Please note: This Statement was last updated in September 2020, and all information contained within is correct as of that date.
Disabilities can take many forms including visual, motor and cognitive. At Taylor & Francis, we recognize that our accessibility commitment should improve the online experience for all users of our websites and digital products, no matter their form of disability.
Visual - includes blind low vision and colour blind:
To assist visually impaired users, Taylor & Francis strives to ensure compatibility of the Routledge.com website with popular screen readers. Also, text on Routledge.com can be resized without assistive technology (up to 200%) without loss of content or functionality.
For more information on the available assistive technology for vision impaired users, please refer to the website of the Royal National Institute of Blind People (RNIB) Opens in new tab or window .
Motor includes people who are not able to use a mouse:
To assist users with motor disabilities, the Routledge.com website is navigable via the keyboard, without the need to use the mouse. Pages also include “a go to top” link to make it easier to navigate the page, as well as, skip navigation links where applicable.
Cognitive - includes dyslexia, ADD, and epilepsy:
To assist users with cognitive disabilities, we have enhanced the platform so that all graphical elements have meaningful text equivalents. Pages are descriptively titled, and global navigation links are consistent across pages to make it easy to understand the layout of the platform.
For a more comprehensive list of accessibility enhancements implemented on Routledge.com, please visit the Accessibility features section of this page.
All accessibility enhancements on Routledge.com have been implemented in line with the Four Principles of Accessibility Opens in new tab or window , as published by the World Wide Web Consortium (W3C). These principles provide that websites should be:
- Perceivable - Users must be able to perceive the information being presented to them by at least one of their senses.
- Operable - Users must be able to operate the interface. The interface cannot require interaction that a user cannot perform.
- Understandable - Users must be able to understand the information as well as the operation of the user interface. The content or operation cannot be beyond the user's understanding.
- Robust - Content must be robust enough that it can be interpreted reliably by a wide variety of user agents, including assistive technologies. This means that users must be able to access the content as technologies advance.
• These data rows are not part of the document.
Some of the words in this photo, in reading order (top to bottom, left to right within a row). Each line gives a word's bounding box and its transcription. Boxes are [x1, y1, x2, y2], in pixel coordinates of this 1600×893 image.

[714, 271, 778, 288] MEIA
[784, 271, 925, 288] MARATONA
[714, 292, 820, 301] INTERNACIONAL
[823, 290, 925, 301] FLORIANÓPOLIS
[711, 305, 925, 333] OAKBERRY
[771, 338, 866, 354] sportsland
Taylor & Francis is committed to meeting the Four Principles of Accessibility, as set out above. As such, we are working towards making the following changes to all parts of our platform.
Principle 1 - Perceivable
- Information on Routledge.com is presented with consideration for readability. Foreground is separated from background with the use of appropriate color and contrast
- Text and images of text have a contrast ratio of at least 4:5:1.
- Text can be resized without assistive technology (up to 200%) without loss of content or functionality.
Alternative text for images
- Most non-text elements are provided with alternative text.
- Occasionally, when smaller imagery is used for design purposes only, empty alt values are used.
- The reading and navigation order are logical and intuitive.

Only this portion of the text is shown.